The only way to fully enjoy the new film version of Charlie and the Chocolate Factory is to banish all memory of Mel Stuart's 1971 original from your mind. This isn't an easy proposition, at least for those of us who grew up with that film. With its beautifully designed sets, compulsively hummable tunes and Gene Wilder's indelible performance as the candyman Willy Wonka, Stuart's Factory has become an avowed family classic. It doesn't help that the new movie, directed by Tim Burton, contains several moments that are strongly reminiscent of the earlier version, beginning with a title sequence that gives us a peek at the Wonka factory assembly line. Although these two opening scenes are similar in content, they are also instructive examples of the directors' different visions. Where Stuart employed a gauzy montage of freshly made chocolate treats set to an instrumental medley of the film's songs, Burton conjures up a CGI-heavy look at the creation of a single Wonka bar that features the familiar musical stylings of his frequent collaborator, Danny Elfman. If there were ever any doubt, scenes like this immediately clue you into the fact that you are watching a Tim Burton picture.

While Burton's fingerprints are all over this new Factory, his film actually hews closer to Roald Dahl's novel than Stuart's version did. Burton and screenwriter John August (who penned the director's last film, Big Fish) restore several elements that were deleted or changed in the earlier movie, including a Nut Room staffed by hyper-efficient squirrels and Wonka's trip to Loompaland to recruit the Oompa-Loompas that work in his factory. (Also, as in the book, no one breaks out into song except for these diminutive employees.) The titular young hero, Charlie Bucket, has been returned to his roots as well. In Stuart's version, Charlie was vaguely discontented with his lot in life, but the 21st-century Charlie (played by Freddie Highmore) is once again the affable, poverty-stricken youth we met in the book. He and his family of six-two parents plus four grandparents-live in a ramshackle house on the edge of town, right down the street from Wonka's factory. In the evenings, Grandpa Joe (David Kelly), who used to work for Wonka, regales his grandson with stories about the mysterious chocolatier.

One day, Wonka issues a surprise bulletin informing the world that he has enclosed special golden tickets in five of his chocolate bars. The five children who find these tickets will be treated to a private tour of his factory and be in the running to receive a very special prize.

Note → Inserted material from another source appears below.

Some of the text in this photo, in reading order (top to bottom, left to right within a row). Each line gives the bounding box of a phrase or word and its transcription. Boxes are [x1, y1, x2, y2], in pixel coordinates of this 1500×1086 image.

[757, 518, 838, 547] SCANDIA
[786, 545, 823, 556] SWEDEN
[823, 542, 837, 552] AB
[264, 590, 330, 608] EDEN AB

Because his family can only afford to give him one chocolate bar a year, Charlie has zero expectations of being one of the lucky winners and his hopes grow dimmer as each ticket is quickly snatched up. But a stroke of luck allows him to buy one last bar, which happens to contain the fifth and final golden ticket. So with Grandpa Joe in tow, Charlie heads off to the factory to meet the one and only Willy Wonka (Johnny Depp).

Visually, Charlie and the Chocolate Factory is pure Burton. The Bucket household looks like it belongs next door to Edward Scissorhands' castle, and the Gotham City-esque factory is filled with wonderfully odd rooms, like the one in which Oompa-Loompas can be glimpsed whipping a cow. (Why? To make whipped cream, of course!) But those expecting a darker take on the material will be severely disappointed. There's nothing here that approaches the infamous river-boat sequence in the '71 version, where Wilder's Wonka led his young charges on a white-knuckle ride through a dark tunnel while gruesome images played out on giant screens behind them. That scene gave an entire generation of kids nightmares, just as many of Burton's earlier films did. In the past decade, though, the director has steadily reined in his dark imagination. In films like Mars Attacks! and Planet of the Apes, (the official nadir of his career), he struggled to balance his vision with the demands of blockbuster moviemaking, with the latter side often winning out. Factory isn't as blandly impersonal as Apes, but it still feels like Burton is keeping his impulses in check in an attempt to appeal to the widest possible audience.

Ultimately, what makes the movie work is Depp's terrific performance. His Wonka is essentially another variation on the man-child persona he and Burton have steadily developed over four movies together, but the actor adds a new layer of coldness and even cruelty to the role. In its one major departure from the book, the movie features a subplot set during Wonka's childhood when the young Willy defies the stern orders of his dentist father (played by Christopher Lee) and starts eating candy on the sly. When the elder Wonka discovers the truth, he promptly abandons his son, leaving him an eccentric wreck who can't even say the word "parent." On paper, this storyline sounds absolutely dreadful, but Depp and Lee invest it with real feeling.
Burton also did a great job casting the child actors; Highmore is as adorable here as he was in Finding Neverland (don't be surprised when he and Dakota Fanning become Hollywood's next power couple...after they hit puberty, of course) and the other kids fit their parts perfectly. Less successful are the Oompa-Loompas, who are all portrayed by the same actor, Deep Roy. Roy himself is fine, but the special-effects team never seems to have decided on an exact height scale for the Oompa-Loompas-they keep changing size in every scene. In a way, that inattention to detail sums up the movie. There's a lot of cool stuff on display here, but it lacks the consistent creative vision-or, if you like, the pure imagination-of the original film.